WHAT TO WORK ON: Before returning the data, strip out the pictures and keep everything else exactly the same.

THE DATA:
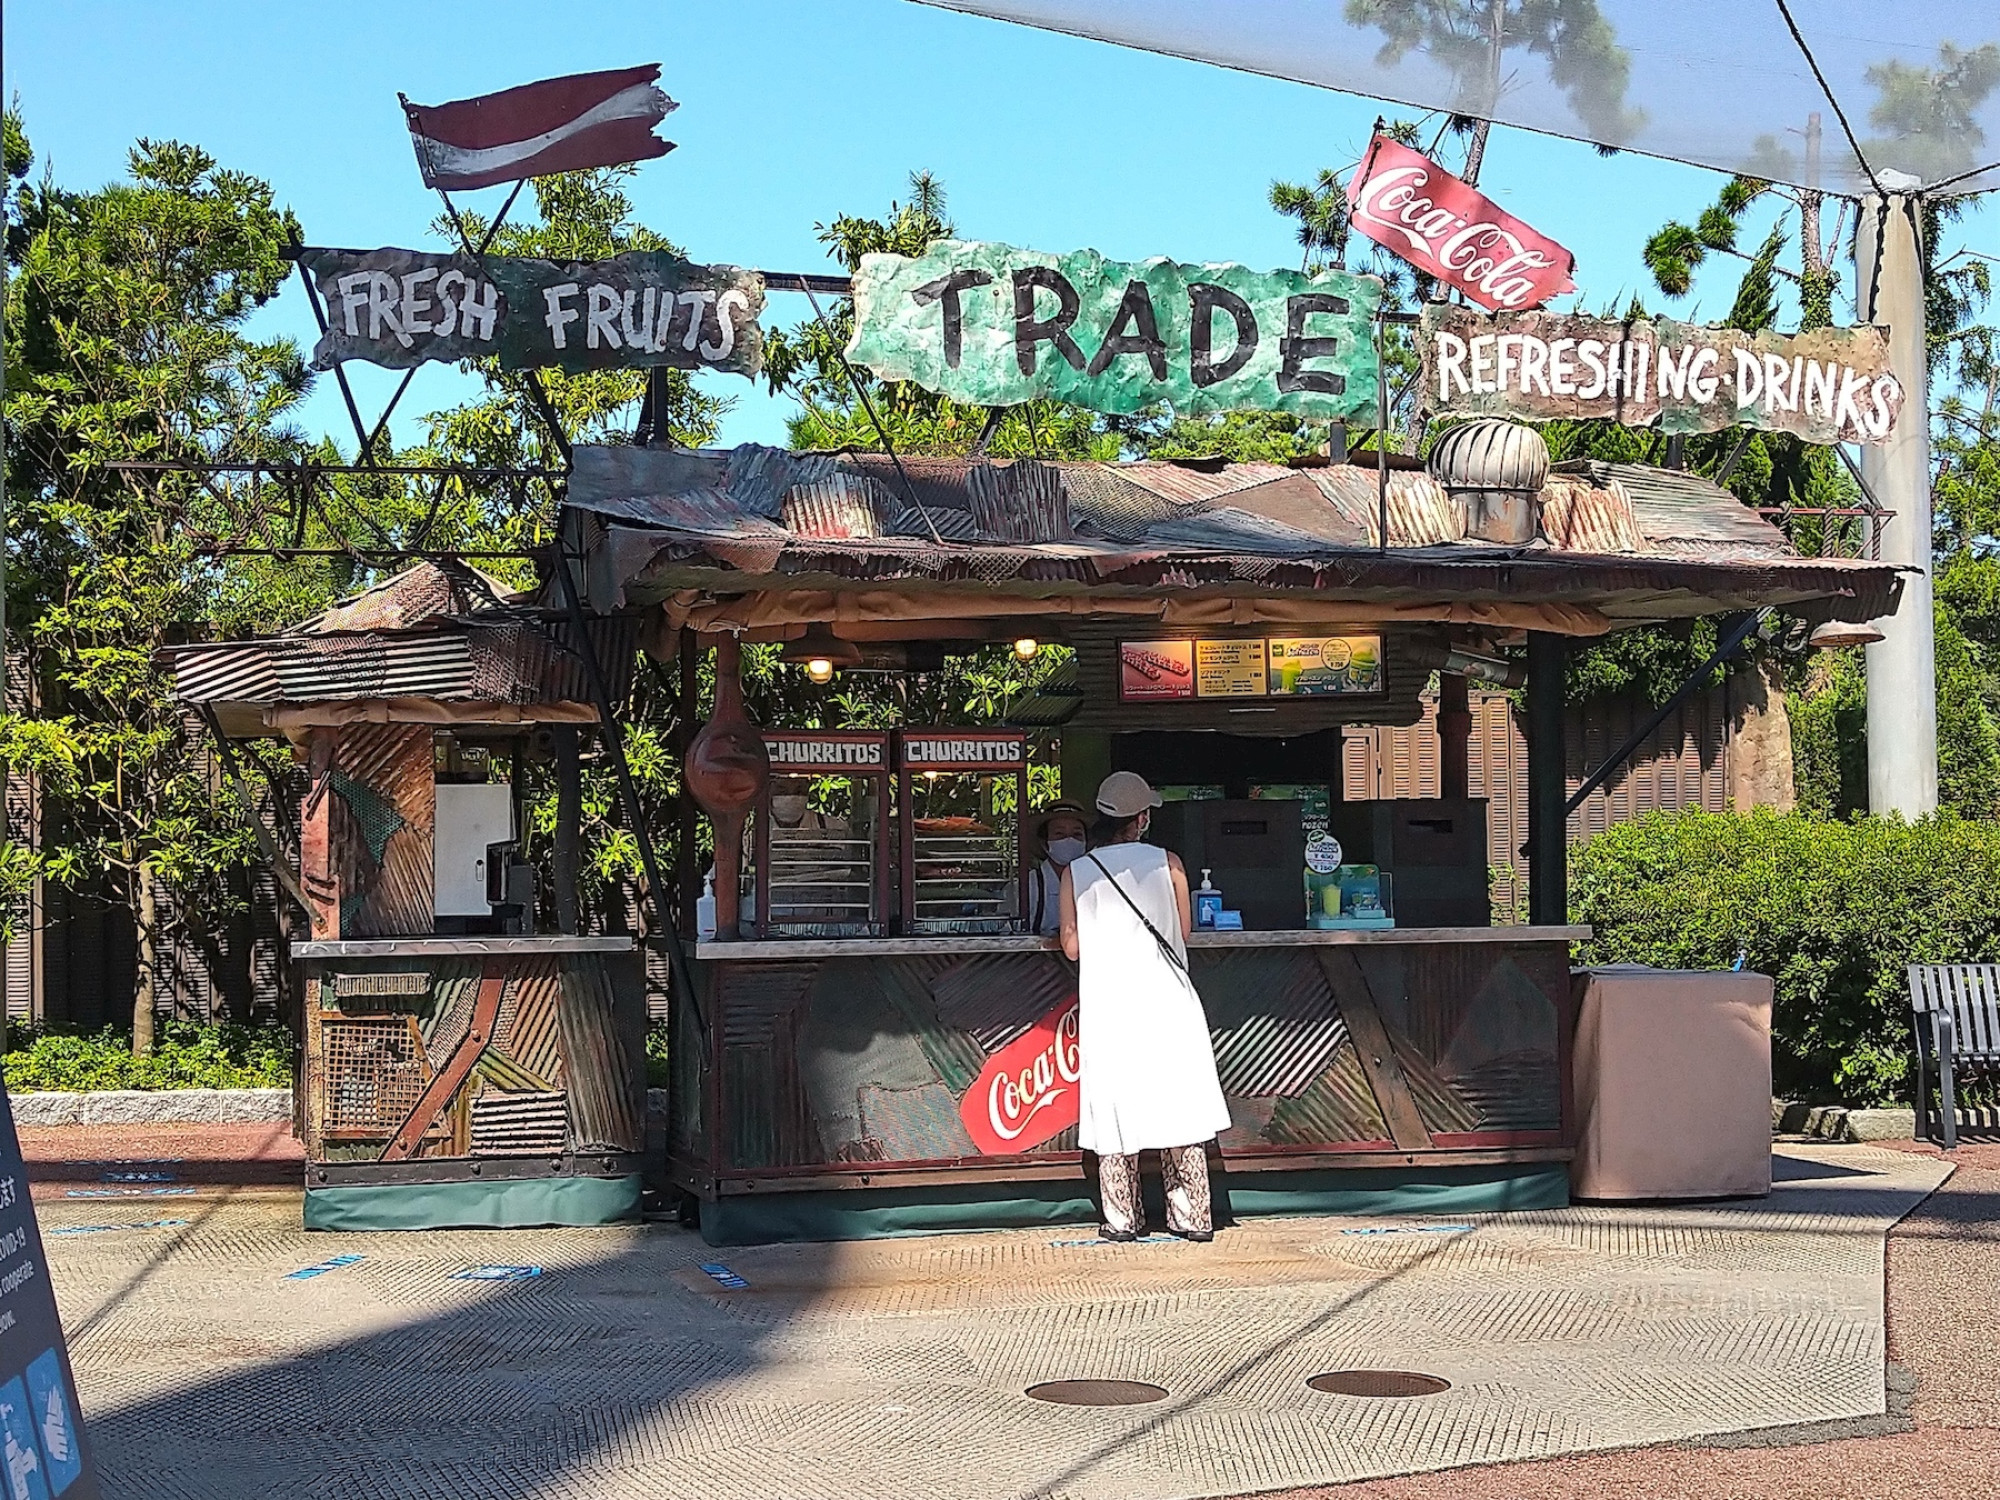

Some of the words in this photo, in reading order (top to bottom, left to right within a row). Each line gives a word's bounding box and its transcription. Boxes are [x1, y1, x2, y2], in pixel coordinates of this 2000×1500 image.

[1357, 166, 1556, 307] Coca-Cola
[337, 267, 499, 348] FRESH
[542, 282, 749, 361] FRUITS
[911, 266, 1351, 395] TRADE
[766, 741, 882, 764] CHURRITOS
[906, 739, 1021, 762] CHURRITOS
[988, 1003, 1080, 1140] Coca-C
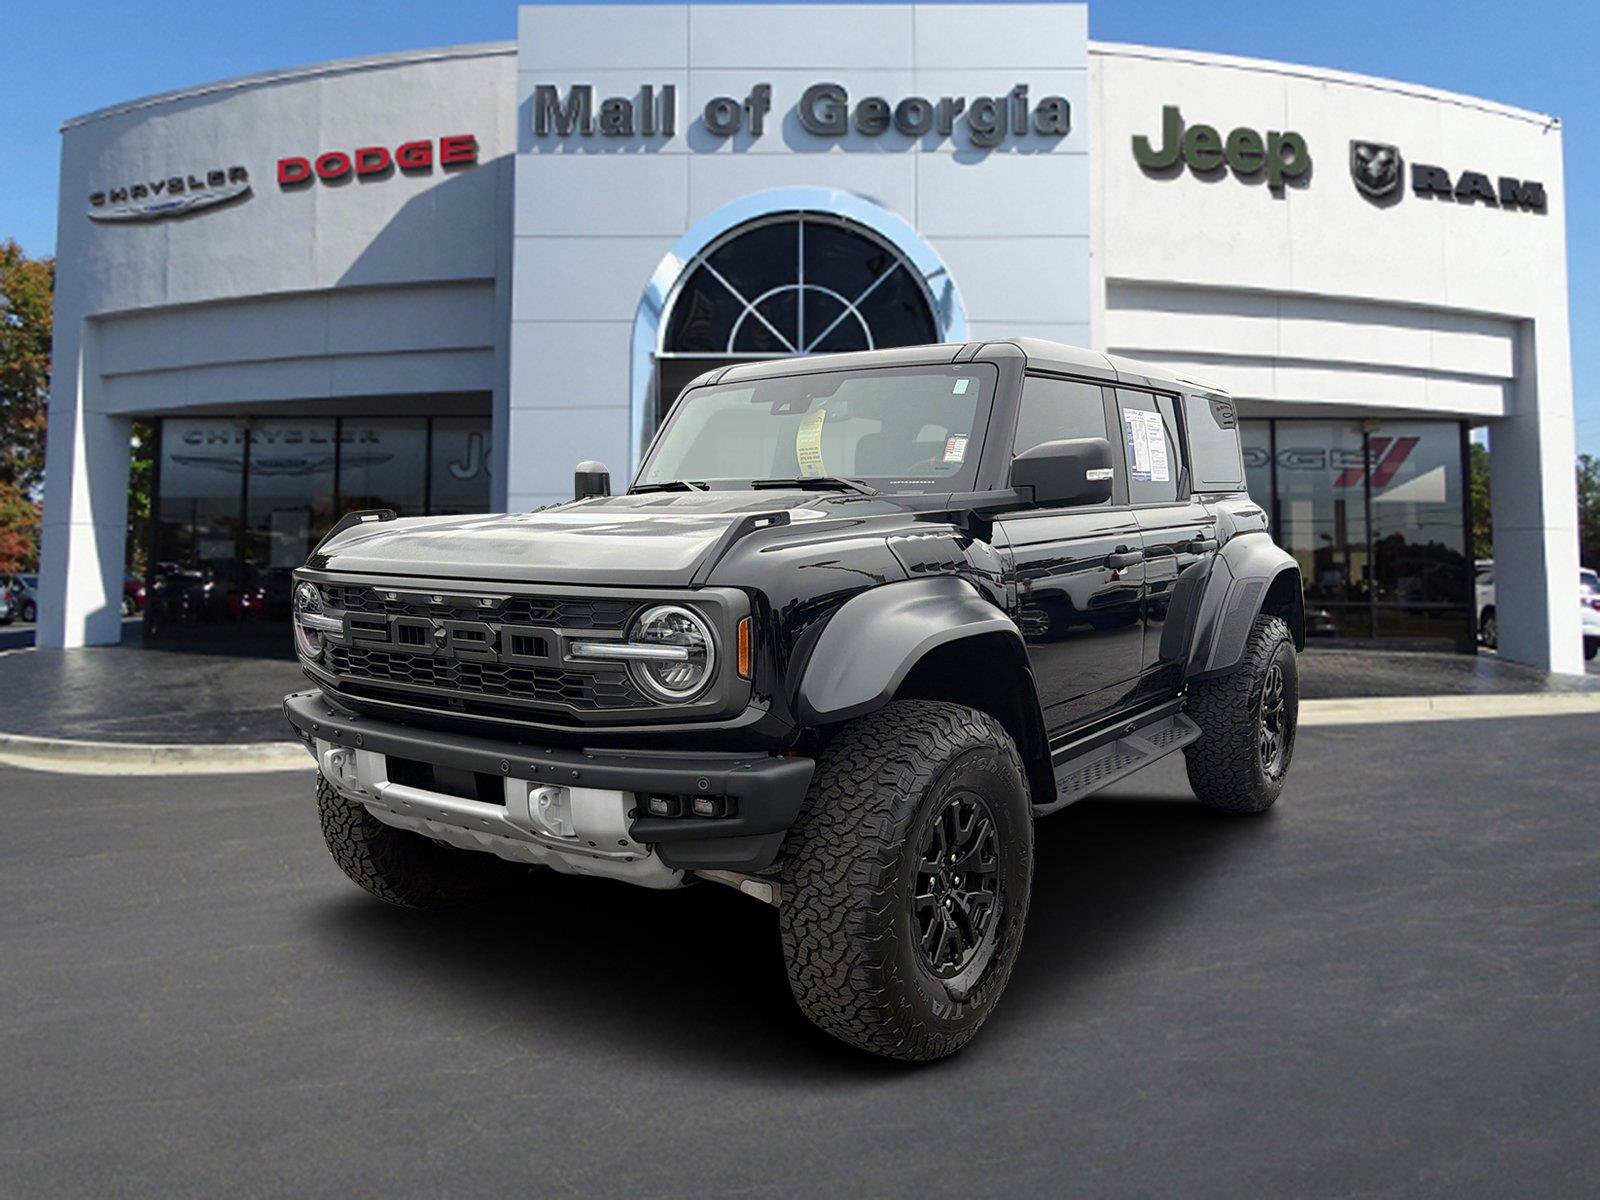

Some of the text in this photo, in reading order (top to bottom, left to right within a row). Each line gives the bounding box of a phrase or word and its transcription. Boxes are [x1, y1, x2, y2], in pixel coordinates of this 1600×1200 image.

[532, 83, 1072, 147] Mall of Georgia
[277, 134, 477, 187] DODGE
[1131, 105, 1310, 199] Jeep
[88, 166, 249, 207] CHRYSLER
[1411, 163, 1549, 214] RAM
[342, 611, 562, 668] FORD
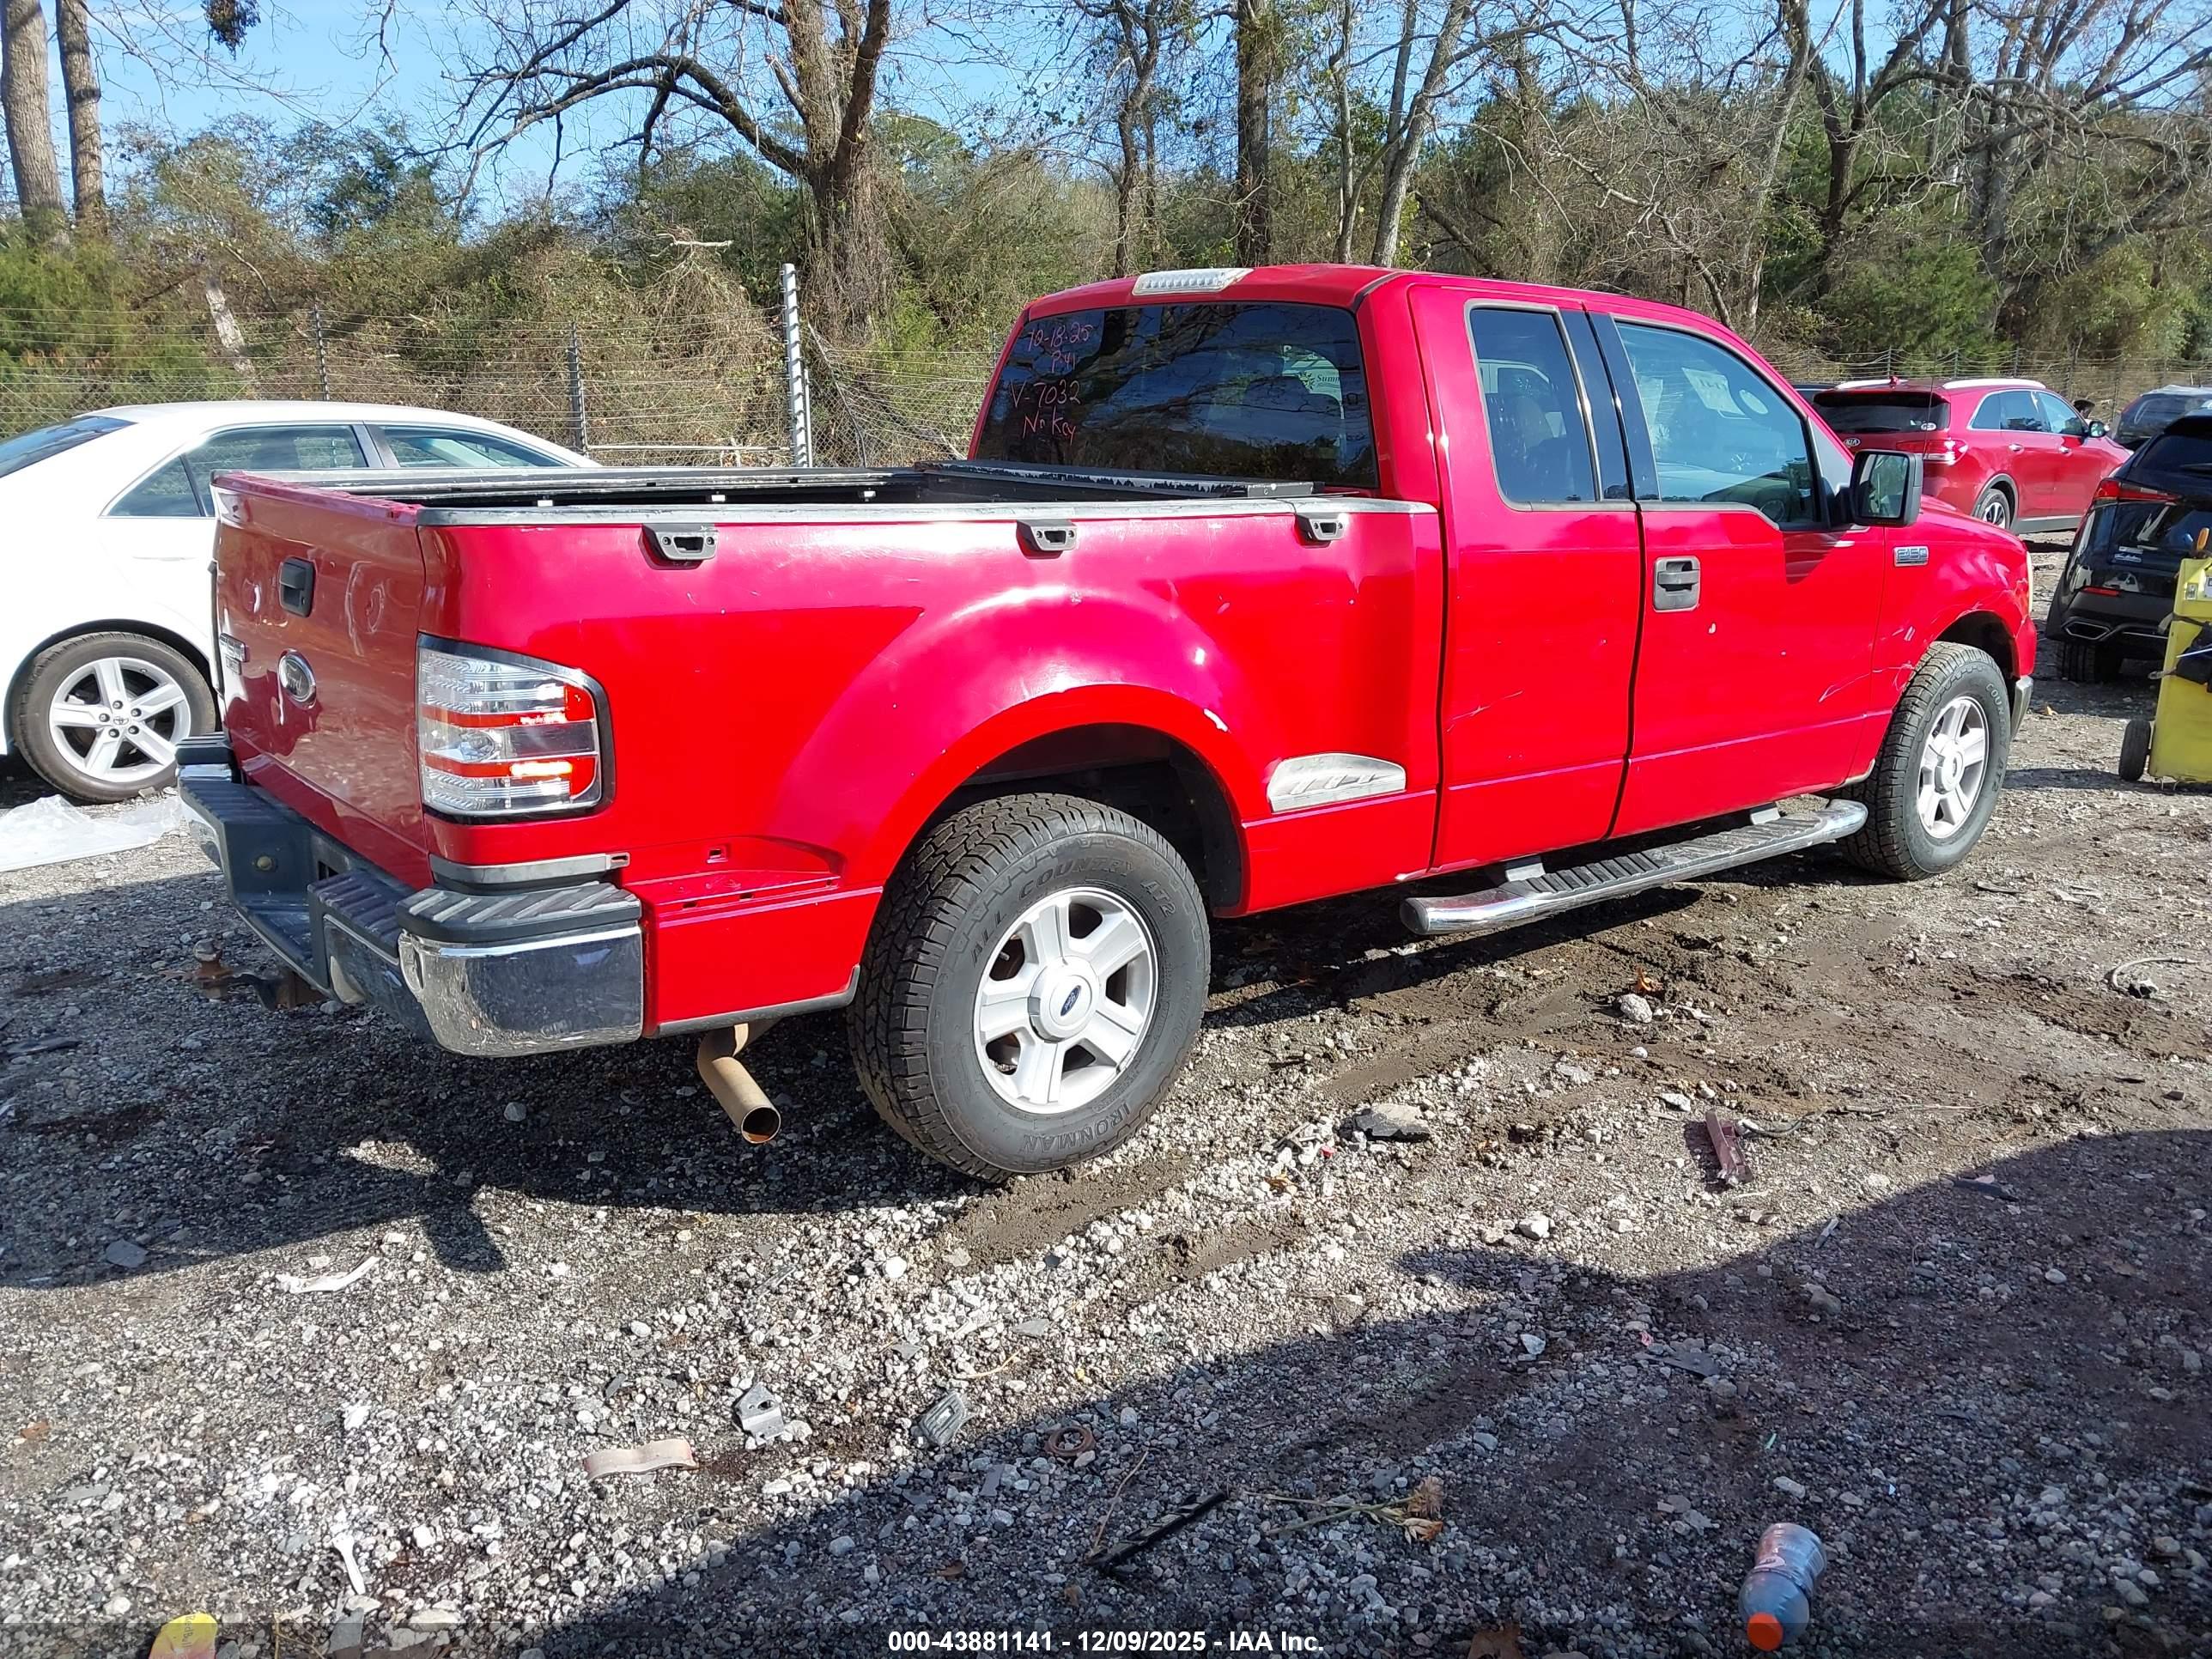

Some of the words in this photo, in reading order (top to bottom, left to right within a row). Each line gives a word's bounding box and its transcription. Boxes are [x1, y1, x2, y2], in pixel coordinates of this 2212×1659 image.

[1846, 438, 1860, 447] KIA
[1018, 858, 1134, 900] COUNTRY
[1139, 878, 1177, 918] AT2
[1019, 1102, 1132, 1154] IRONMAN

RESULT FOR THIS EXERCISE:
Some of the words in this photo, in reading order (top to bottom, left to right within a row). Each line gives a word's bounding box and its transcription. Boxes are [x1, y1, x2, y2], in pixel coordinates of this 2000×1500 image.

[1357, 166, 1556, 307] Coca-Cola
[337, 267, 499, 348] FRESH
[542, 282, 749, 361] FRUITS
[911, 266, 1351, 395] TRADE
[766, 741, 882, 764] CHURRITOS
[906, 739, 1021, 762] CHURRITOS
[988, 1003, 1080, 1140] Coca-C

Some of the text in this photo, in reading order (top to bottom, left to right within a row). Each line gives the bounding box of a phrase or word and its transcription. Boxes are [x1, y1, x2, y2], in pixel coordinates of this 1600×1200 image.

[532, 83, 1072, 147] Mall of Georgia
[277, 134, 477, 187] DODGE
[1131, 105, 1310, 199] Jeep
[88, 166, 249, 207] CHRYSLER
[1411, 163, 1549, 214] RAM
[342, 611, 562, 668] FORD

Some of the words in this photo, in reading order (top to bottom, left to right within a row). Each line gives a word's bounding box and its transcription. Boxes are [x1, y1, x2, y2], in pixel coordinates of this 2212×1659 image.

[1846, 438, 1860, 447] KIA
[1018, 858, 1134, 900] COUNTRY
[1139, 878, 1177, 918] AT2
[1019, 1102, 1132, 1154] IRONMAN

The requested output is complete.